Mercredi 6 Août 2014

Le potentiel économique de l’Afrique attise de plus en plus les convoitises des investisseurs étrangers d’autant que les ressources disponibles pour financer le développement à long terme du continent sont très insuffisantes.




Cheikhna Traoré est  responsable Informatique d’Application (RIA) Gestion des titres, de l’or et du collatéral
Cheikhna Traoré est responsable Informatique d’Application (RIA) Gestion des titres, de l’or et du collatéral
Le potentiel dont il est question est la croissance annuelle qui s’établit en moyenne à environ 5% depuis plus d’une dizaine d’années. L’Afrique subsaharienne dépasserait même un taux de 6% par an si on ne tient pas compte de l’Afrique du Sud qui tire cette croissance globale vers le bas avec ses 2%.

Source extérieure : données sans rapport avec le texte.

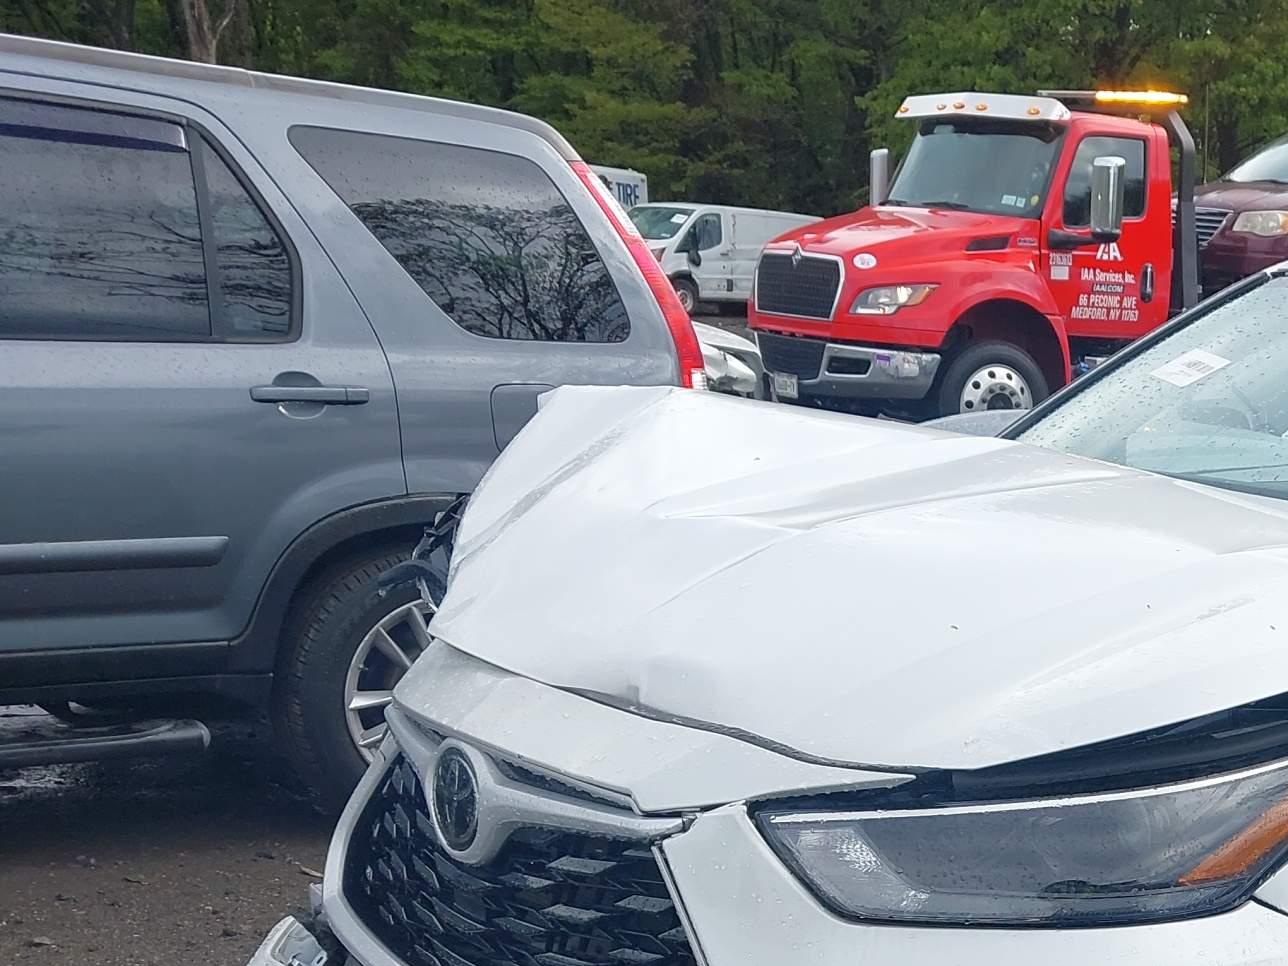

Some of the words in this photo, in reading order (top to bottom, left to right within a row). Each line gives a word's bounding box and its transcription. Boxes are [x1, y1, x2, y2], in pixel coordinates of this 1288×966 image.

[1081, 267, 1094, 281] IAA
[1095, 268, 1124, 283] Services,
[1124, 270, 1136, 284] Inc.
[1079, 293, 1089, 306] 66
[1089, 294, 1121, 308] PECONIC
[1122, 296, 1137, 309] AVE
[1071, 306, 1107, 320] MEDFORD,
[1108, 308, 1121, 320] NY
[1122, 309, 1139, 322] 11763

Ce potentiel est donc accueilli favorablement par les marchés financiers d’où la confiance constatée des investisseurs étrangers aux différentes émissions obligataires des pays Africains. En réalité, il s’agit d’une confiance à la croissance toutes choses égales par ailleurs c’est-à-dire une confiance qui semble faire abstraction des éléments aussi importants et structurants que les faiblesses structurelles des politiques africaines, le rôle très inquiétant des agences de notation dans l’évaluation des pays Africains, les problèmes démographiques, la transparence des politiques, les difficultés rencontrées pour réduire la pauvreté, la mauvaise gouvernance des dirigeants africains, etc.

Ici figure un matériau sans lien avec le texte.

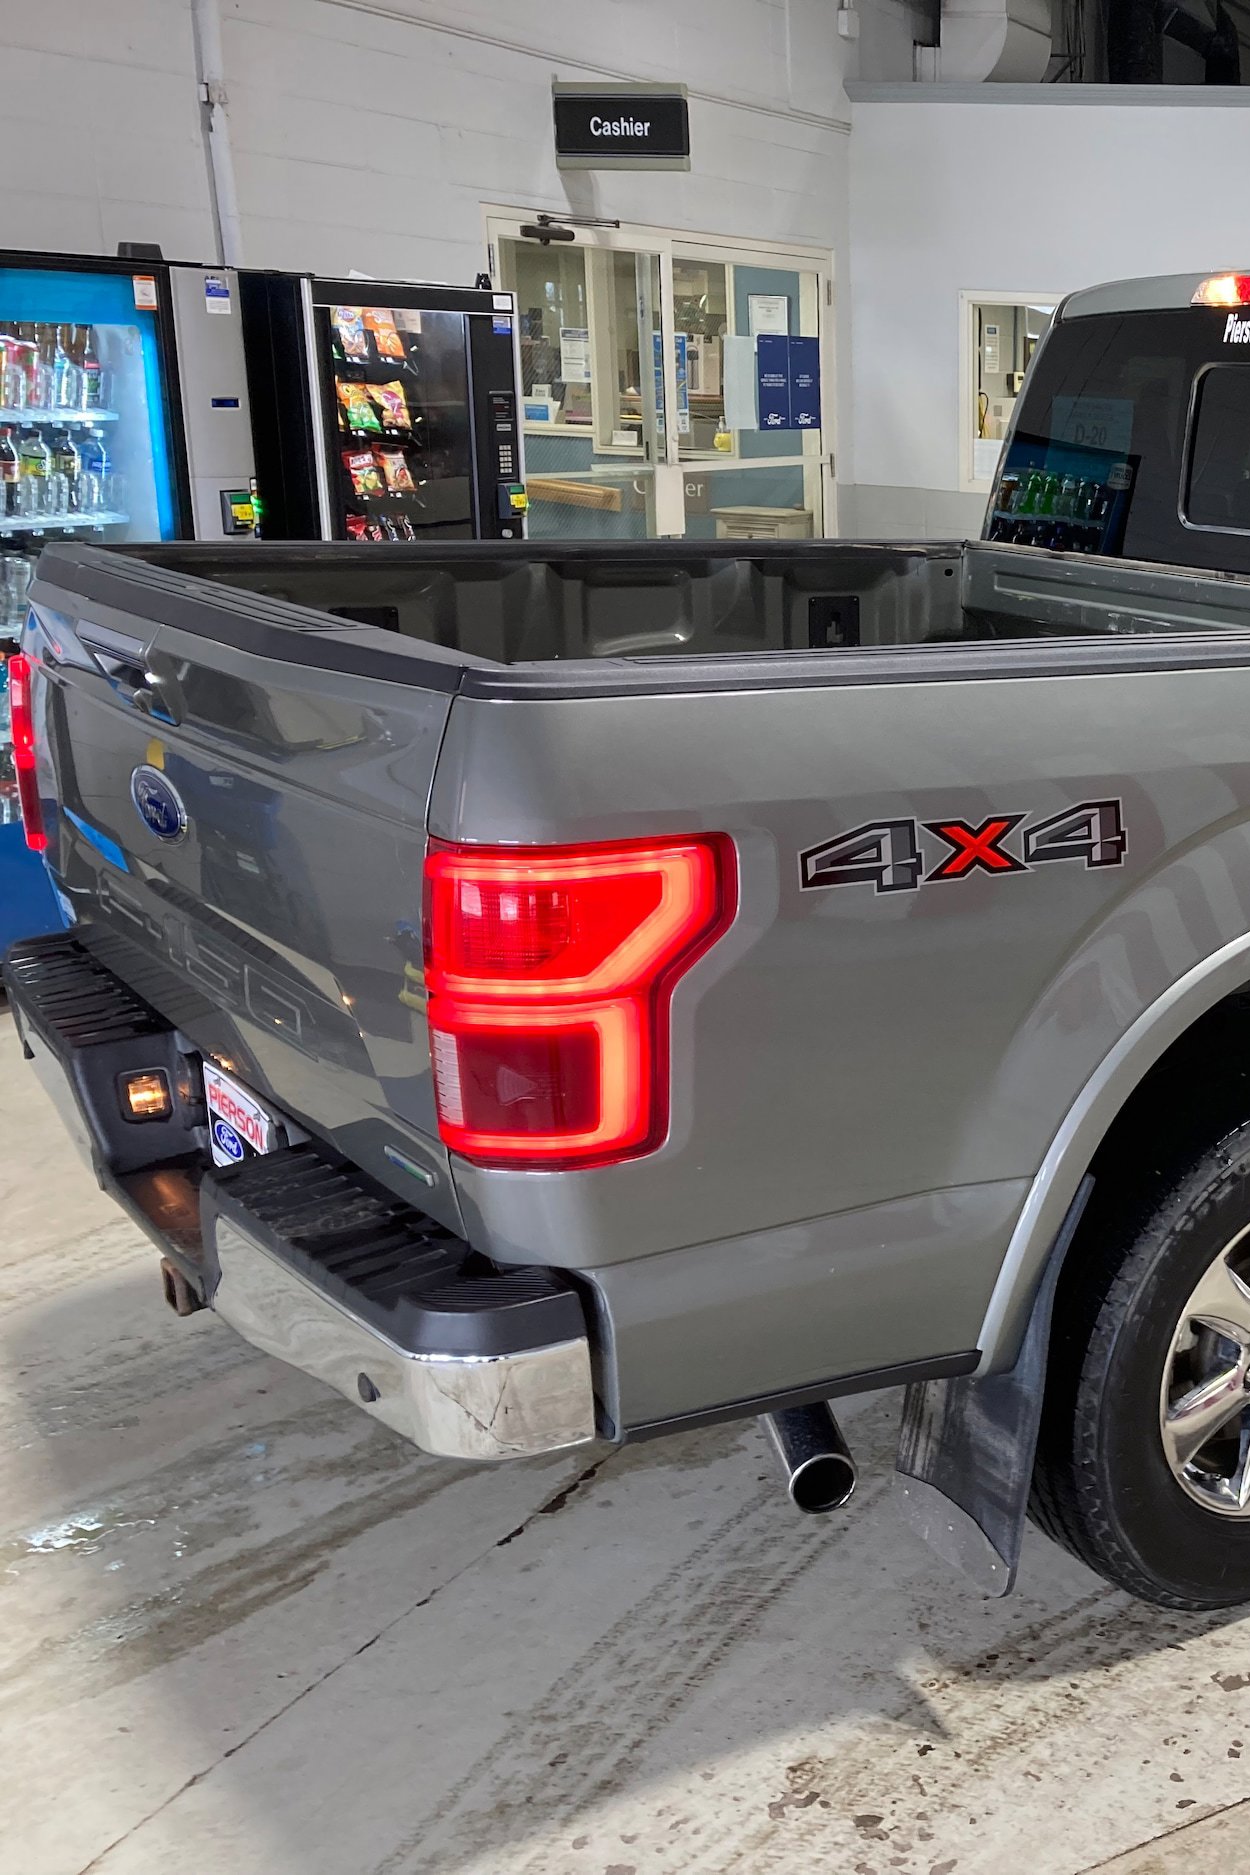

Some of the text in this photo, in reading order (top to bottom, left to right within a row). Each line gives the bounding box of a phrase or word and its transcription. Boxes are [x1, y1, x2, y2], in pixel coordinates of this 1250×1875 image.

[589, 116, 651, 136] Cashier
[208, 1084, 264, 1151] PIERSON
[220, 1126, 239, 1156] Ford

La dette Africaine rencontre un succès certain sur les marchés financiers internationaux depuis quelques années.
Plus d’une dizaine de pays Africains sont intervenus sur les marchés pour émettre de la dette via un actif financier nommé Euro-bond (ou Euro-Obligation). Il s’agit d’un actif de référence comparable au bon du trésor américain. Concrètement l’Euro-bond est une obligation libellée dans une monnaie différente de celle du pays de l’émetteur.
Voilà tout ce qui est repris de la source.